| .. _unicode_toplevel: |
| |
| =================== |
| The Unicode Chapter |
| =================== |
| |
| In normal Mako operation, all parsed template constructs and |
| output streams are handled internally as Python 3 ``str`` (Unicode) |
| objects. It's only at the point of :meth:`~.Template.render` that this stream of Unicode objects may be rendered into whatever the desired output encoding |
| is. The implication here is that the template developer must |
| :ensure that :ref:`the encoding of all non-ASCII templates is explicit |
| <set_template_file_encoding>` (still required in Python 3, although Mako defaults to ``utf-8``), |
| that :ref:`all non-ASCII-encoded expressions are in one way or another |
| converted to unicode <handling_non_ascii_expressions>` |
| (not much of a burden in Python 3), and that :ref:`the output stream of the |
| template is handled as a unicode stream being encoded to some |
| encoding <defining_output_encoding>` (still required in Python 3). |
| |
| .. _set_template_file_encoding: |
| |
| Specifying the Encoding of a Template File |
| ========================================== |
| |
| .. versionchanged:: 1.1.3 |
| |
| As of Mako 1.1.3, the default template encoding is "utf-8". Previously, a |
| Python "magic encoding comment" was required for templates that were not |
| using ASCII. |
| |
| Mako templates support Python's "magic encoding comment" syntax |
| described in `pep-0263 <http://www.python.org/dev/peps/pep-0263/>`_: |
| |
| .. sourcecode:: mako |
| |
| ## -*- coding: utf-8 -*- |
| |
| Alors vous imaginez ma surprise, au lever du jour, quand |
| une drôle de petite voix m’a réveillé. Elle disait: |
| « S’il vous plaît… dessine-moi un mouton! » |
| |
| As an alternative, the template encoding can be specified |
| programmatically to either :class:`.Template` or :class:`.TemplateLookup` via |
| the ``input_encoding`` parameter: |
| |
| .. sourcecode:: python |
| |
| t = TemplateLookup(directories=['./'], input_encoding='utf-8') |
| |
| The above will assume all located templates specify ``utf-8`` |
| encoding, unless the template itself contains its own magic |
| encoding comment, which takes precedence. |
| |
| .. _handling_non_ascii_expressions: |
| |
| Handling Expressions |
| ==================== |
| |
| The next area that encoding comes into play is in expression |
| constructs. By default, Mako's treatment of an expression like |
| this: |
| |
| .. sourcecode:: mako |
| |
| ${"hello world"} |
| |
| looks something like this: |
| |
| .. sourcecode:: python |
| |
| context.write(str("hello world")) |
| |
| That is, **the output of all expressions is run through the |
| ``str`` built-in**. This is the default setting, and can be |
| modified to expect various encodings.
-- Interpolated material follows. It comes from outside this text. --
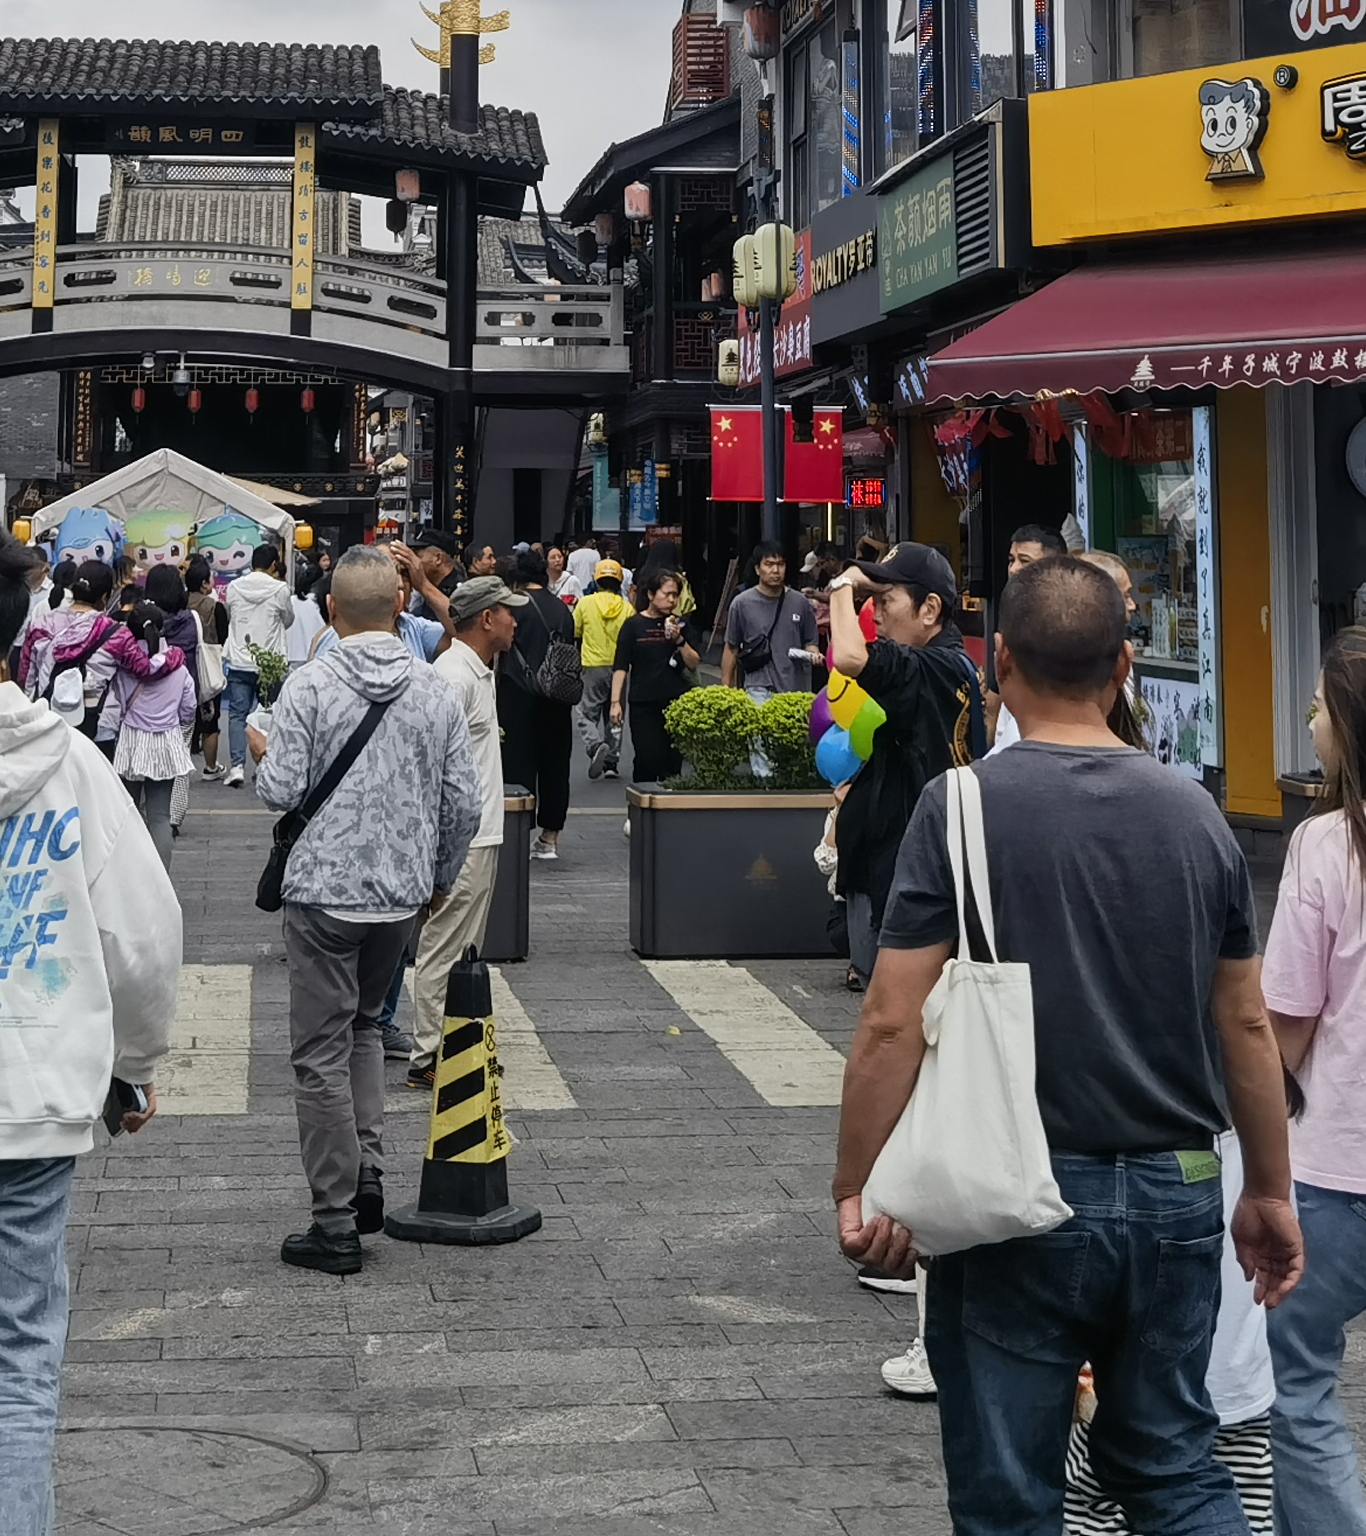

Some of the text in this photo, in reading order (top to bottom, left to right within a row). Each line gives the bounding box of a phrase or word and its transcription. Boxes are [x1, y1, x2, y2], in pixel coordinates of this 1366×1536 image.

[811, 243, 850, 295] ROYALTY
[487, 1055, 507, 1151] 禁止停车
The ``str`` step serves |
| both the purpose of rendering non-string expressions into |
| strings (such as integers or objects which contain ``__str()__`` |
| methods), and to ensure that the final output stream is |
| constructed as a Unicode object. The main implication of this is |
| that **any raw byte-strings that contain an encoding other than |
| ASCII must first be decoded to a Python unicode object**. |
| |
| Similarly, if you are reading data from a file that is streaming |
| bytes, or returning data from some object that is returning a |
| Python byte-string containing a non-ASCII encoding, you have to |
| explicitly decode to Unicode first, such as: |
| |
| .. sourcecode:: mako |
| |
| ${call_my_object().decode('utf-8')} |
| |
| Note that filehandles acquired by ``open()`` in Python 3 default |
| to returning "text": that is, the decoding is done for you. See |
| Python 3's documentation for the ``open()`` built-in for details on |
| this. |
| |
| If you want a certain encoding applied to *all* expressions, |
| override the ``str`` builtin with the ``decode`` built-in at the |
| :class:`.Template` or :class:`.TemplateLookup` level: |
| |
| .. sourcecode:: python |
| |
| t = Template(templatetext, default_filters=['decode.utf8']) |
| |
| Note that the built-in ``decode`` object is slower than the |
| ``str`` function, since unlike ``str`` it's not a Python |
| built-in, and it also checks the type of the incoming data to |
| determine if string conversion is needed first. |
| |
| The ``default_filters`` argument can be used to entirely customize |
| the filtering process of expressions. This argument is described |
| in :ref:`filtering_default_filters`. |
| |
| .. _defining_output_encoding: |
| |
| Defining Output Encoding |
| ======================== |
| |
| Now that we have a template which produces a pure Unicode output |
| stream, all the hard work is done. We can take the output and do |
| anything with it. |
| |
| As stated in the :doc:`"Usage" chapter <usage>`, both :class:`.Template` and |
| :class:`.TemplateLookup` accept ``output_encoding`` and ``encoding_errors`` |
| parameters which can be used to encode the output in any Python |
| supported codec: |
| |
| .. sourcecode:: python |
| |
| from mako.template import Template |
| from mako.lookup import TemplateLookup |
| |
| mylookup = TemplateLookup(directories=['/docs'], output_encoding='utf-8', encoding_errors='replace') |
| |
| mytemplate = mylookup.get_template("foo.txt") |
| print(mytemplate.render()) |
| |
| :meth:`~.Template.render` will return a ``bytes`` object in Python 3 if an output |
| encoding is specified. By default it performs no encoding and |
| returns a native string. |
| |
| :meth:`~.Template.render_unicode` will return the template output as a Python |
| ``str`` object: |
| |
| .. sourcecode:: python |
| |
| print(mytemplate.render_unicode()) |
| |
| The above method disgards the output encoding keyword argument; |
| you can encode yourself by saying: |
| |
| .. sourcecode:: python |
| |
| print(mytemplate.render_unicode().encode('utf-8', 'replace')) |